+++ Available records +++

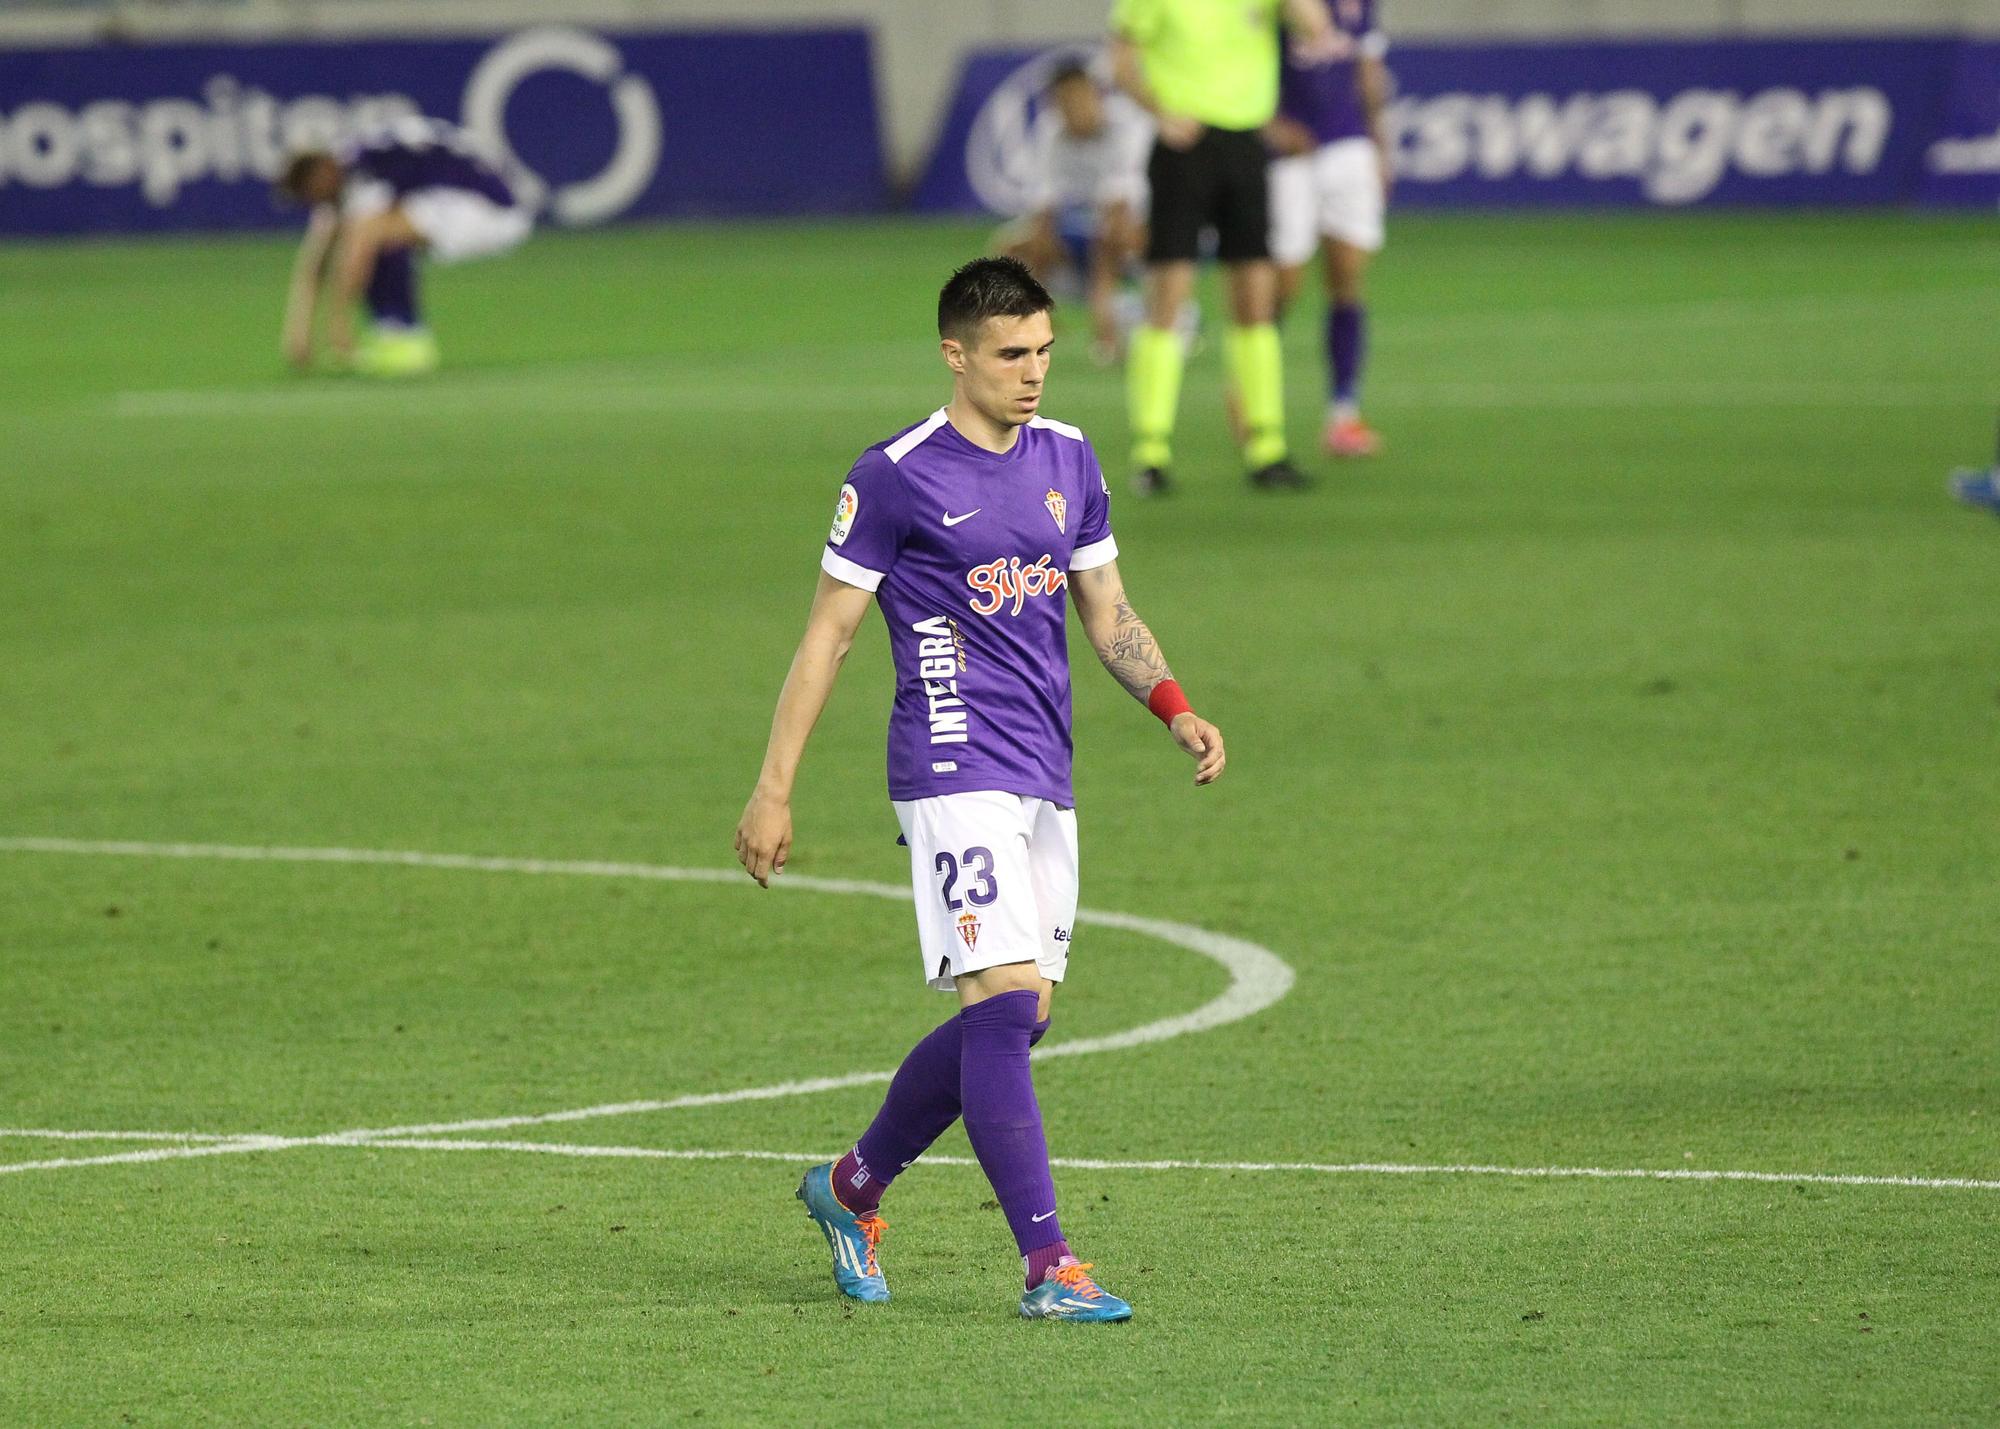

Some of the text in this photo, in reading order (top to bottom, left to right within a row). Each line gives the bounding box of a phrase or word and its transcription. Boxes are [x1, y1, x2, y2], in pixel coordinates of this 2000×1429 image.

[967, 553, 1068, 616] gijón
[912, 615, 968, 745] INTEGRA
[935, 846, 998, 913] 23
[1053, 926, 1072, 942] tel
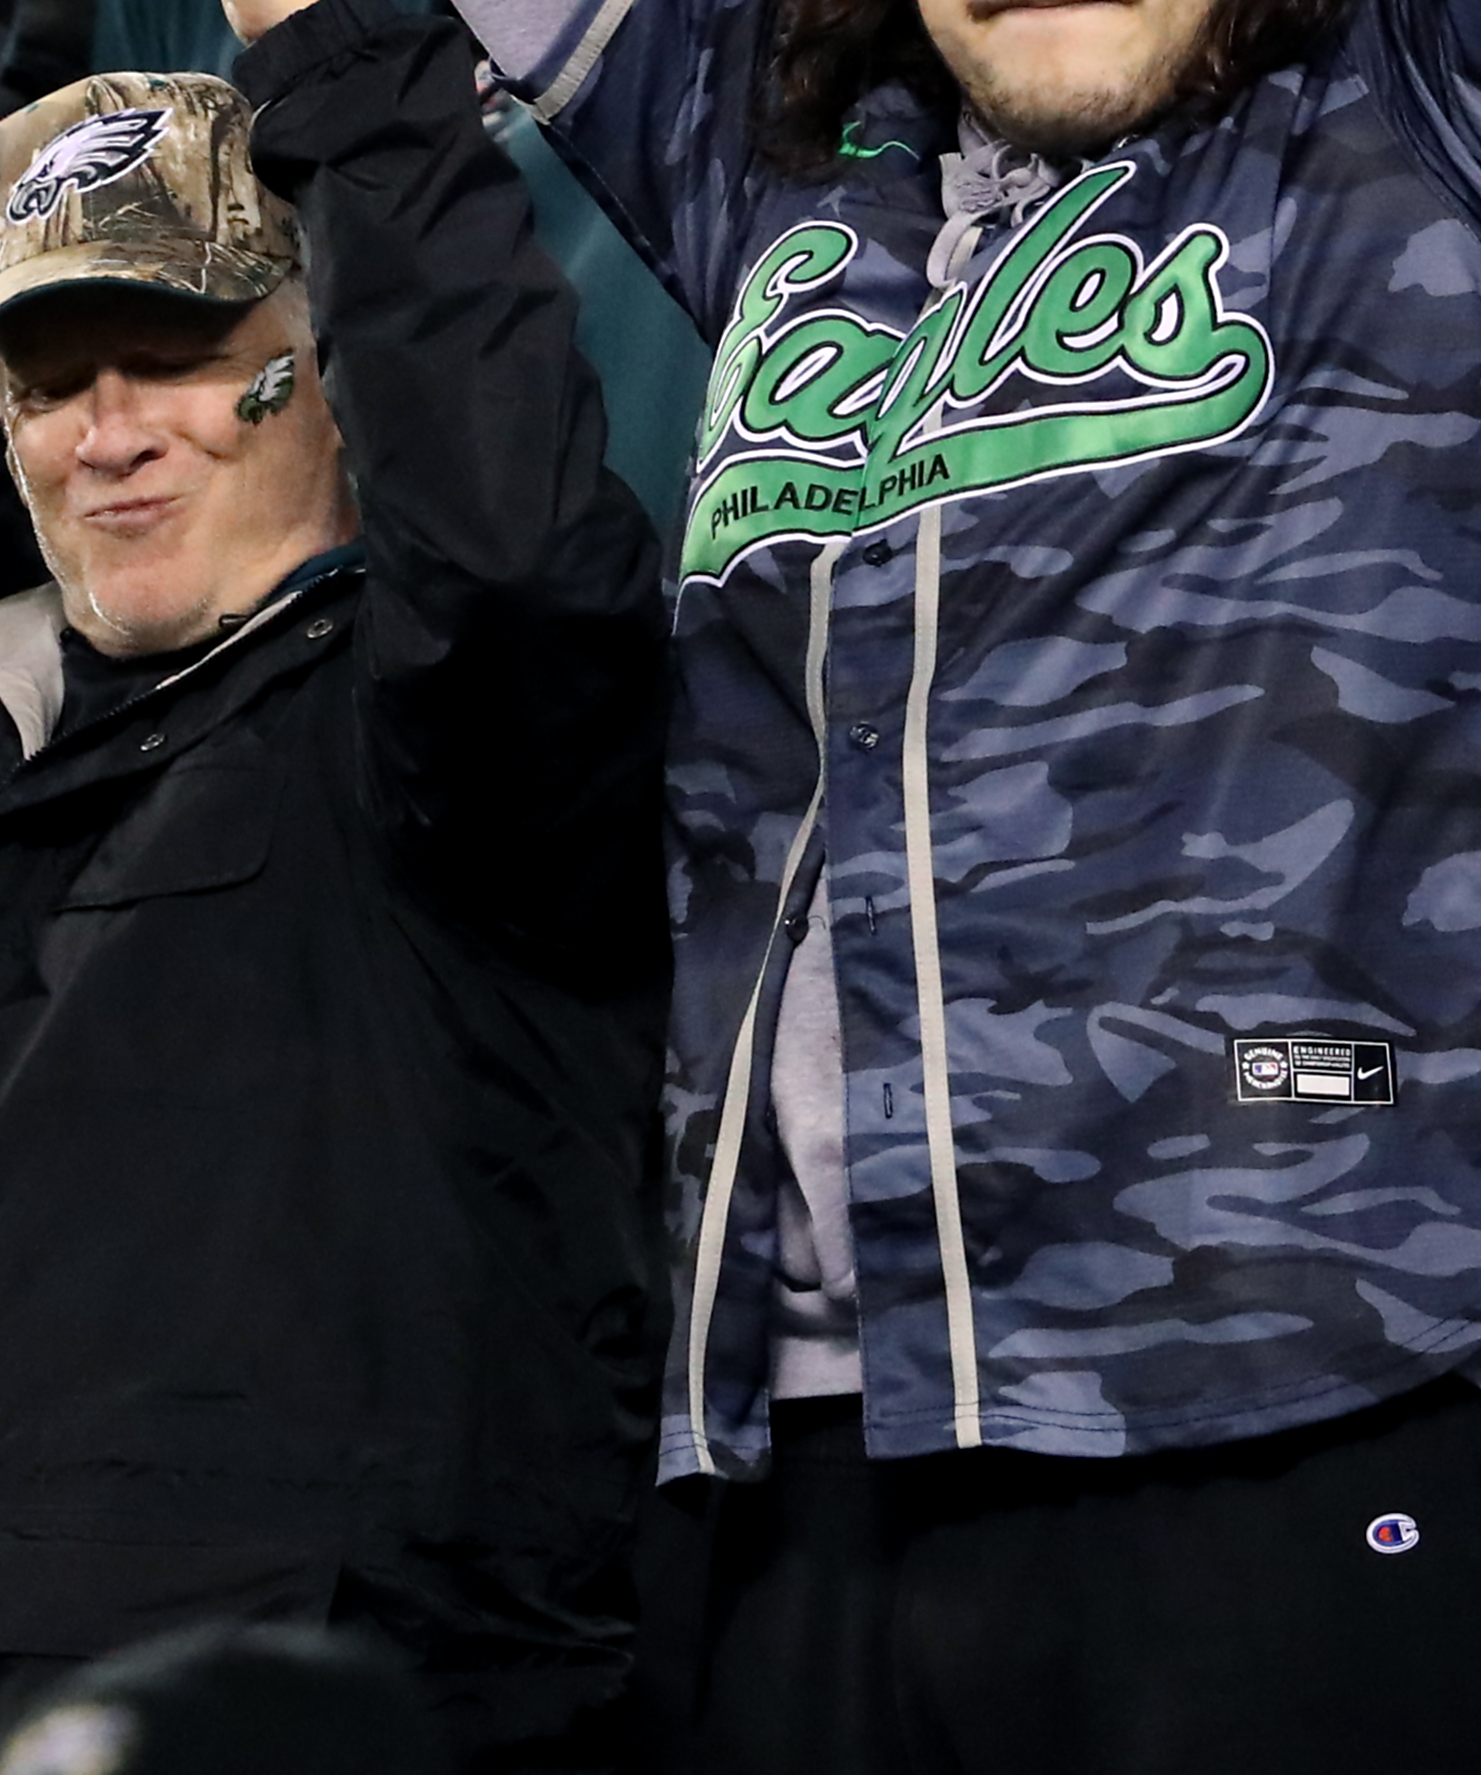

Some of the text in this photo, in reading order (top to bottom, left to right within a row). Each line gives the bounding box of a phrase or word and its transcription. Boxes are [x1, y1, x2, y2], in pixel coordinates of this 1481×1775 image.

[696, 161, 1274, 475] Eagles
[709, 454, 950, 540] PHILADELPHIA
[1292, 1045, 1352, 1057] ENGINEERED

+++

▶ [Task prompt]: Keep every word of the records above exactly, and return them with no pictures.

▶ [Answer box]:
Some of the text in this photo, in reading order (top to bottom, left to right within a row). Each line gives the bounding box of a phrase or word and its transcription. Boxes are [x1, y1, x2, y2], in pixel coordinates of this 2000×1429 image.

[967, 553, 1068, 616] gijón
[912, 615, 968, 745] INTEGRA
[935, 846, 998, 913] 23
[1053, 926, 1072, 942] tel

Some of the text in this photo, in reading order (top to bottom, left to right within a row). Each line gives the bounding box of a phrase or word and its transcription. Boxes are [x1, y1, x2, y2], in pixel coordinates of this 1481×1775 image.

[696, 161, 1274, 475] Eagles
[709, 454, 950, 540] PHILADELPHIA
[1292, 1045, 1352, 1057] ENGINEERED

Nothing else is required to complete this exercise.